Were Channel Island Indians Poisoned By Water Bottles?

Courtesy Environmental Health / This water basket/bottle was coated with a mixture of pitch and bitumen in order to store liquids like water and olive oil and test for liquid PAH analysis.

Study suggests health decline of Channel Island Indians tied to use of bitumen in utensils and food.

Archaeologists have long been puzzled by the apparent decline in the overall health of Paleoindians living in and around the Channel Islands off the coast of Southern California. A new study in the journal Environmental Health suggests that a possible cause may have been the use of bitumen to seal ancient water bottles. The study “Ancient water bottle use and polycyclic aromatic hydrocarbon (PAH) exposure among California Indians: a prehistoric health risk assessment,” re-created the ancient water bottles and then used them to store both water and olive oil to determine their health risks.

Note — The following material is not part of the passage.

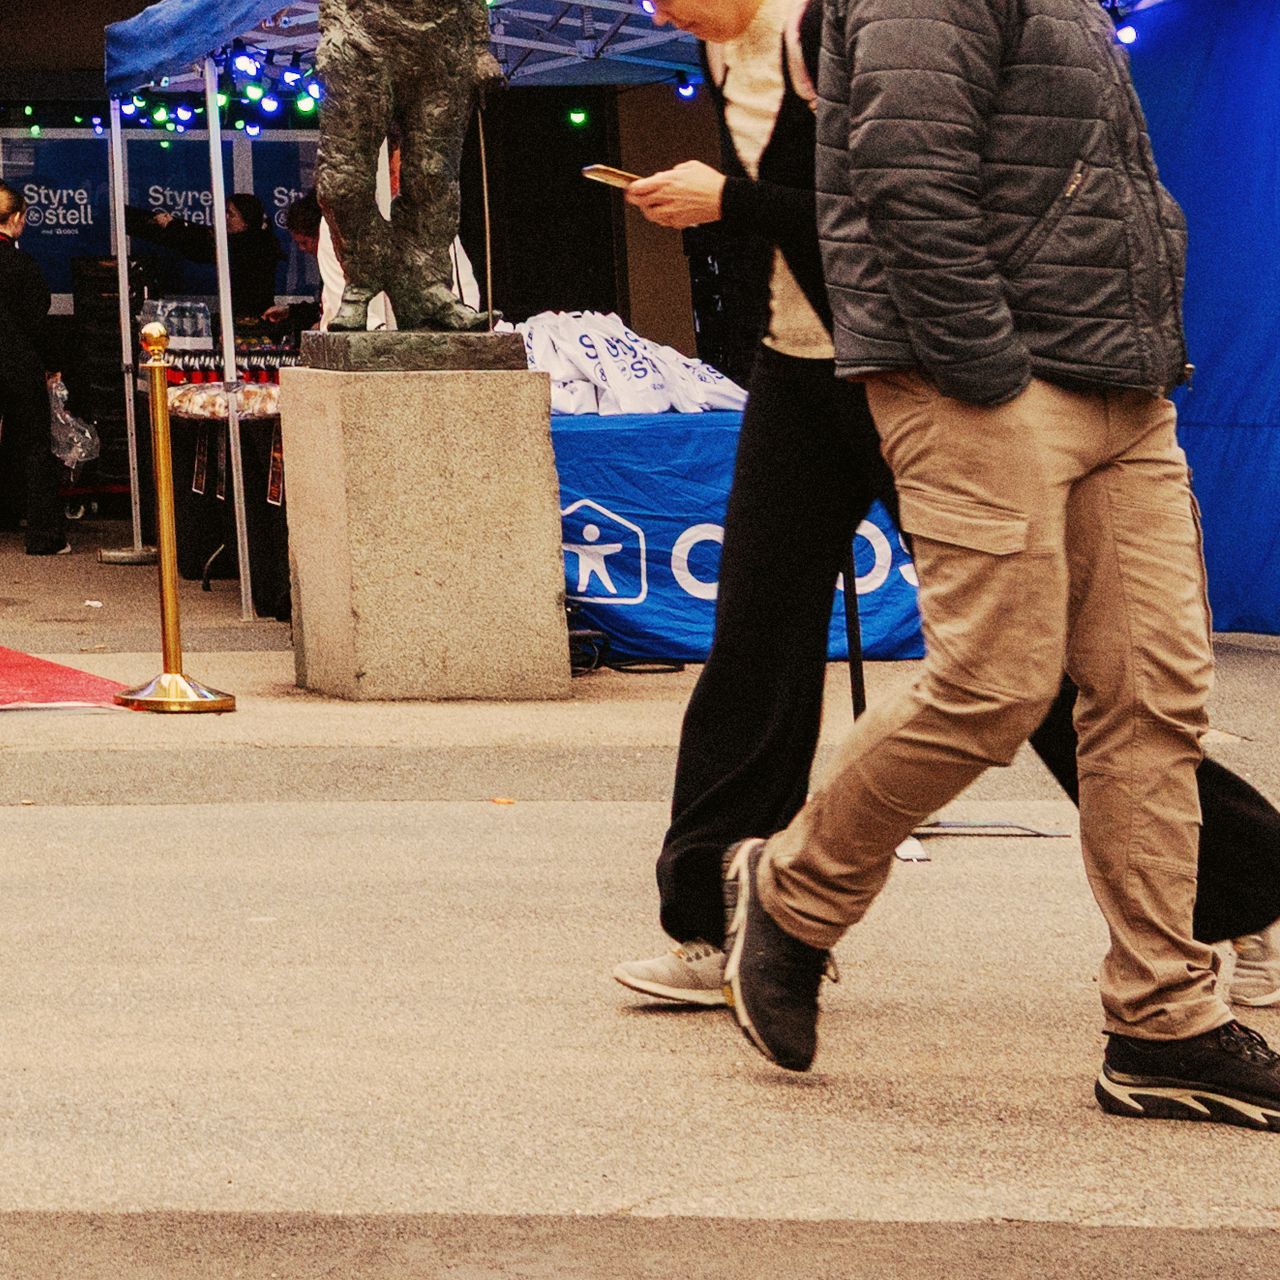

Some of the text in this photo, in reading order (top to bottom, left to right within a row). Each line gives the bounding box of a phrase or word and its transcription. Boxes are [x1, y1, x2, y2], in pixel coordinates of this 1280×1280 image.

[23, 184, 88, 209] Styre
[148, 185, 213, 210] Styre
[44, 204, 94, 225] stell

The Channel Islands are unusual in North American archaeological history in that a relatively continuous record of human skeletal remains have been unearthed, covering a period from about 13,000 years ago up to the present day. The Chumash, the descendants of these Paleoindians, still live in the area. Just recently, on June 8th, archaeologists discovered a massive Chumash burial ground, containing thousands of graves, near the Santa Ynez Mission, which lies near the coast across from the Channel Islands.

Scientists studying the skeletons found that, beginning about 5,000 years ago, they began to exhibit reduced bone quality, shorter lengths and smaller skulls, and increasing tooth decay. Given that any number of things, from malnutrition to infectious diseases, can cause these symptoms, researchers have proposed different hypotheses, including overpopulation of the islands, but all of these theories do no take into account the gradual decline over so long a period of time. From about 7,500 years ago up to the historical period, the average height of the Channel Island Indians shrank four inches. In 2011, in the journal Environmental Health Perspectives, a team led by Sabrina Sholts, an anthropologist at the Smithsonian’s National Museum of Natural History, noted that while “On San Miguel Island, bitumen occurs in man-made objects between 10,000 and 7,500 years old,” its use “becomes more prevalent with the development of bitumen-sealed water-bottle baskets about 5,000 years ago.”

Bitumen, also known as asphalt or pitch, seeps naturally to the surface around the Channel Island region and some pools, such as the La Brea Tar Pits, are famous for becoming death traps to ancient mammals such as saber-toothed tigers. Submarine seepage in the channel produces tar balls, which frequently wash ashore. Consuming asphalt, which may contain a wide assortment of PAHs (a large group of chemical compounds generally formed through the incomplete combustion of organic matter), can be harmful and lead to reproductive and development impairments, increasing risk of cancer, and organ failure.

The La Brea Tar Pit is famous for becoming a death trap to ancient mammals, but it was also simply a pool of bitumen, or pitch, which seeps naturally to the surface around the Channel Islands.

The Indians in the Channel Islands used the bitumen in many ways: medicinally, ritually, and as a sealant for the innovative plank canoe known as the tomol, but its use in sealing water bottles caught the attention of Sholts and her team. In this new study, the team “replicated prehistoric bitumen-coated water bottles with traditional materials and techniques of California Indians” by weaving a bottle-shaped basket and then mixing and boiling bitumen and pine pitch and applying that over it. They then filled the bottles with water or oil to determine the potential leaching and thus the health risks.

Interestingly, the study found that the contamination level was so low that the “water stored in bitumen-coated water bottles was not a significant source of PAH exposure.” Although it may not have been the water bottles alone, the evidence that the Channel Island Indians were exposed to high levels of PAHs was still strong. Bitumen became an important part of their economy and culture, so much so that cakes of the material were “always kept on hand” by the Chumash and it was traded extensively with other Indians. Over time the Channel Island Indians began to rely on fish and shellfish as a greater part of their diet, which in that area have high levels of PAHs because of the heavy seepage of bitumen underwater. Although it could not find a conclusive link, the study argues that “sub-lethal PAH exposure remains a possible factor in the health decline over time previously observed among the prehistoric coastal Chumash.”

In the past 50 years, the worldwide use of fossil fuels on a massive scale has made PAH exposure a significant health threat to human populations. The study raises the possibility that some of these effects may become apparent only after the passage of hundreds of years, the price future generations may have to pay for the environmental destruction of today.